Every choice human being strives instinctively for a citadel and a secrecy where he is saved from the crowd, the many, the great majority - where he may forget 'men who are the rule', being their exception - excepting only the one case in which he is pushed straight to such men by a still stronger instinct, as a seeker after knowledge in the great and exceptional sense. Anyone who, in intercourse with men, does not occasionally glisten in all the colours of distress, green and grey with disgust, satiety, sympathy, gloominess and loneliness, is certainly not a man of elevated tastes; supposing, however, that he does not take all this burden and disgust upon himself voluntarily, that he persistently avoids it, and remains, as I said, quietly and proudly hidden in his citadel, one thing is certain: he was not made, he was not predestined, for knowledge. If he were, he would one day have to say to himself: 'The devil take my good taste! but the rule is more interesting than the exception - than myself, the exception!' And he would go down and above all, he would go 'inside'. The long and serious study of the average man, and consequently much disguise, self-overcoming, familiarity, and bad contact (all contact is bad except with one's equals) - this constitutes a necessary part of the life history of every philosopher, perhaps the most disagreeable, odious and disappointing part ...

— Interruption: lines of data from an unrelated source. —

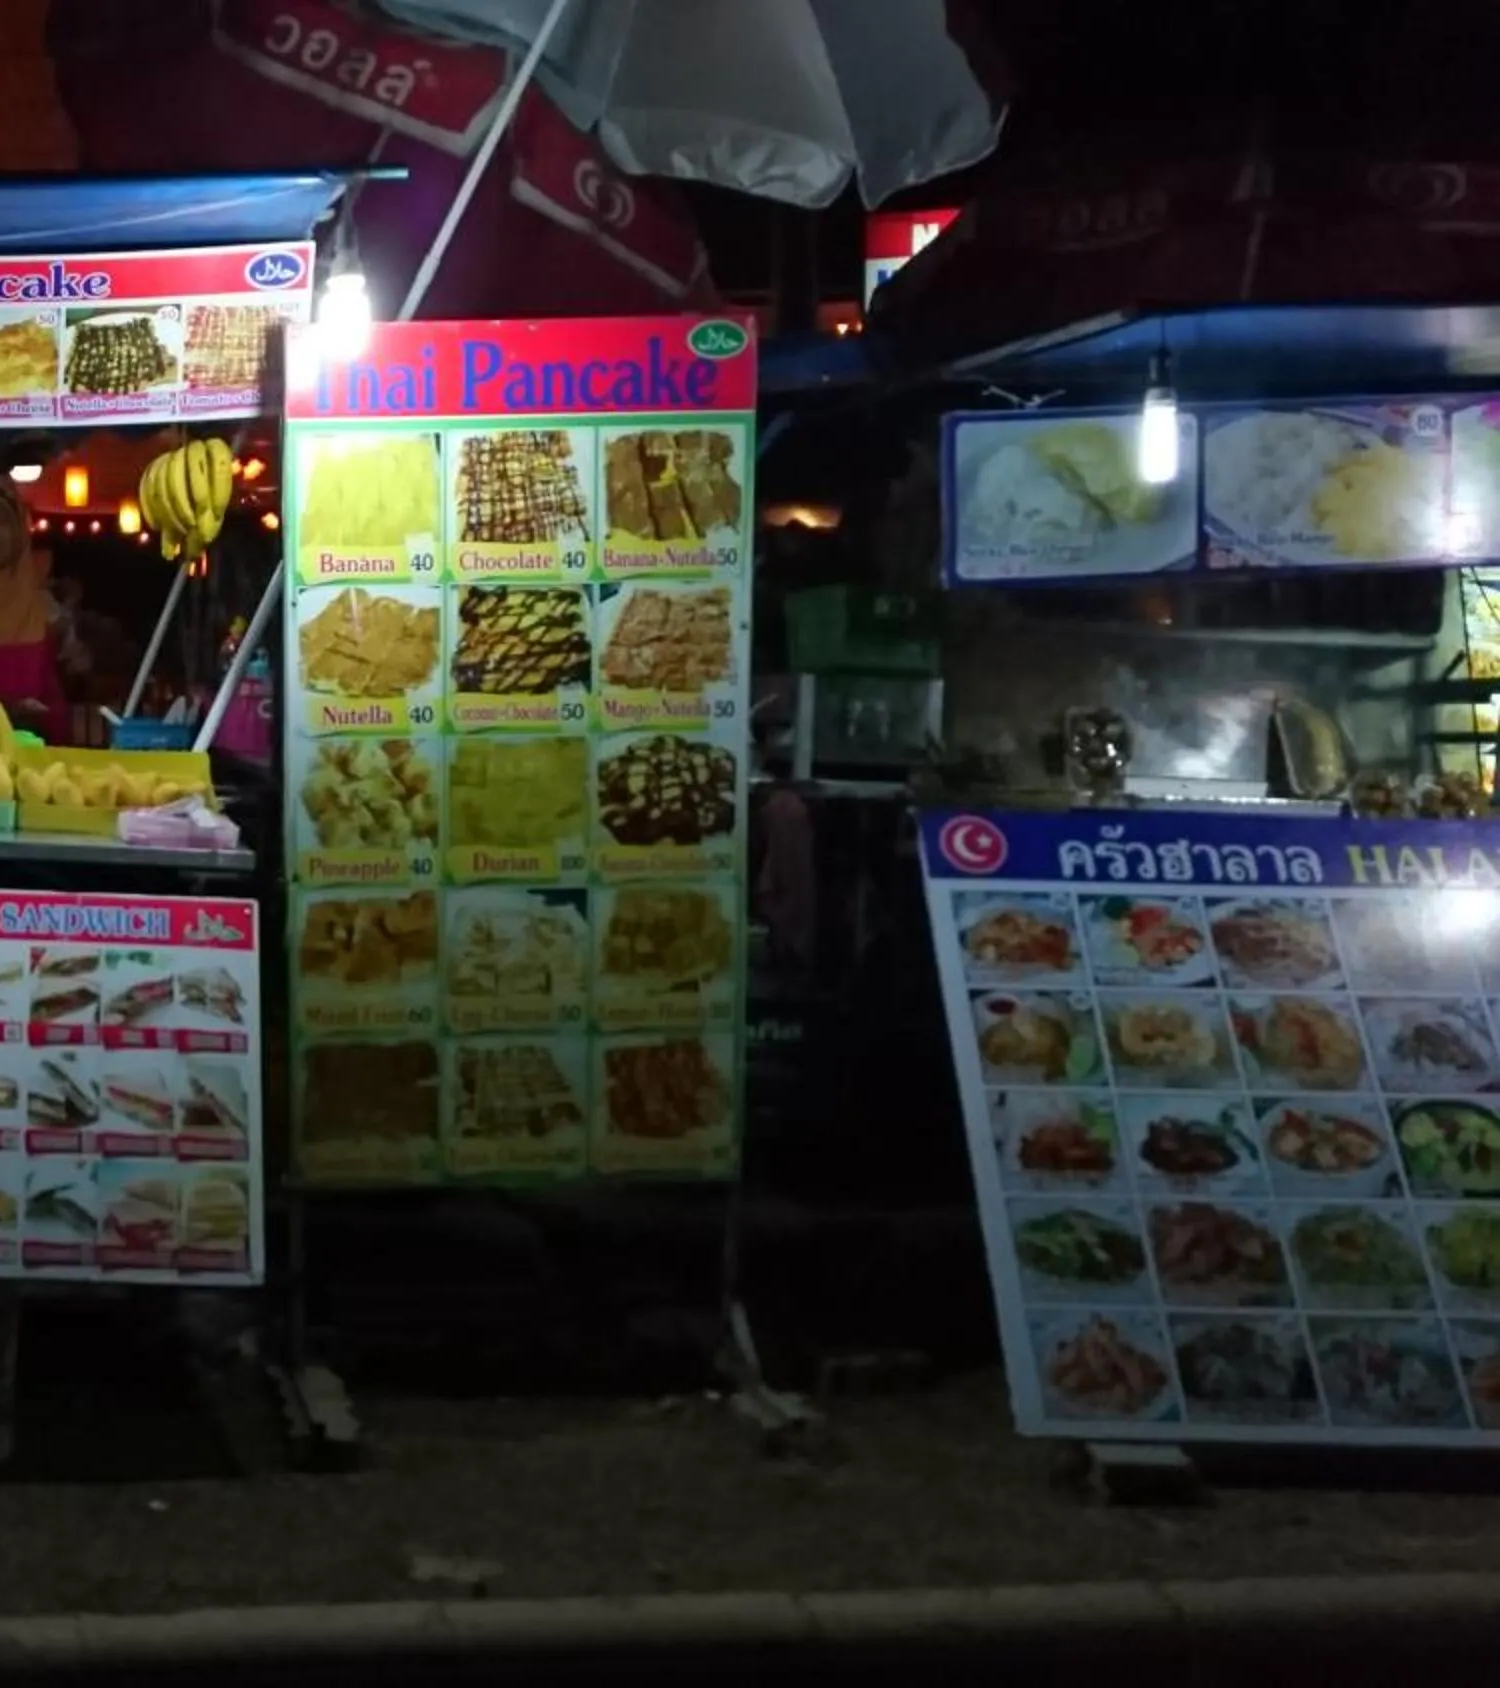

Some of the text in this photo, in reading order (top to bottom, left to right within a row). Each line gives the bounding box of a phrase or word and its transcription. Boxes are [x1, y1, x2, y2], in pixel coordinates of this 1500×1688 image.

[461, 337, 718, 411] Pancake
[319, 552, 434, 572] Banana 40
[459, 551, 586, 572] Chocolate 40
[716, 549, 737, 566] 50
[322, 705, 434, 725] Nutella 40
[560, 704, 584, 721] 50
[713, 701, 735, 718] 50
[471, 853, 540, 873] Durian
[1058, 824, 1323, 884] ครัวฮาลาล
[309, 857, 433, 882] Pineapple 40

Independence is for the very few; it is a privilege of the strong. And whoever attempts it even with the best right but without inner constraint proves that he is probably not only strong, but also daring to the point of recklessness. He enters into a labyrinth, he multiplies a thousandfold the dangers which life brings with it in any case, not the least of which is that no one can see how and where he loses his way, becomes lonely, and is torn piecemeal by some minotaur of conscience. Supposing one like that comes to grief, this happens so far from the comprehension of men that they neither feel it nor sympathize. And he cannot go back any longer. Nor can he go back to the pity of men...

During the longest part of human history - so-called prehistorical times - the value or disvalue of an action was derived from its consequences. The action itself was considered as little as its origin. It was rather the way a distinction or disgrace still reaches back today from a child to its parents, in China: it was the retroactive force of success or failure that led men to think well or ill of an action. Let us call this period the pre-moral period of mankind: the imperative 'Know thyself !' was as yet unknown.

In the last ten thousand years, however, one has reached the point, step by step, in a few large regions on the earth, where it is no longer the consequences but the origin of an action that one allows to decide its value. On the whole this is a great event which involves a considerable refinement of vision and standards; it is the unconscious after effect of the rule of aristocratic values and the faith in 'descent' - the sign of a period that one may call moral in the narrower sense. It involves the first attempt at self-knowledge. Instead of the consequences, the origin: indeed a reversal of perspective! Surely, a reversal achieved only after long struggles and vacillations. To be sure, a calamitous new superstition, an odd narrowness of interpretation, thus become dominant: the origin of an action was interpreted in the most definite sense as origin in an intention; one came to agree that the value of an action lay in the value of the intention. The intention as the whole origin and prehistory of an action - almost to the present day this prejudice dominated moral praise, blame, judgement, and philosophy on earth.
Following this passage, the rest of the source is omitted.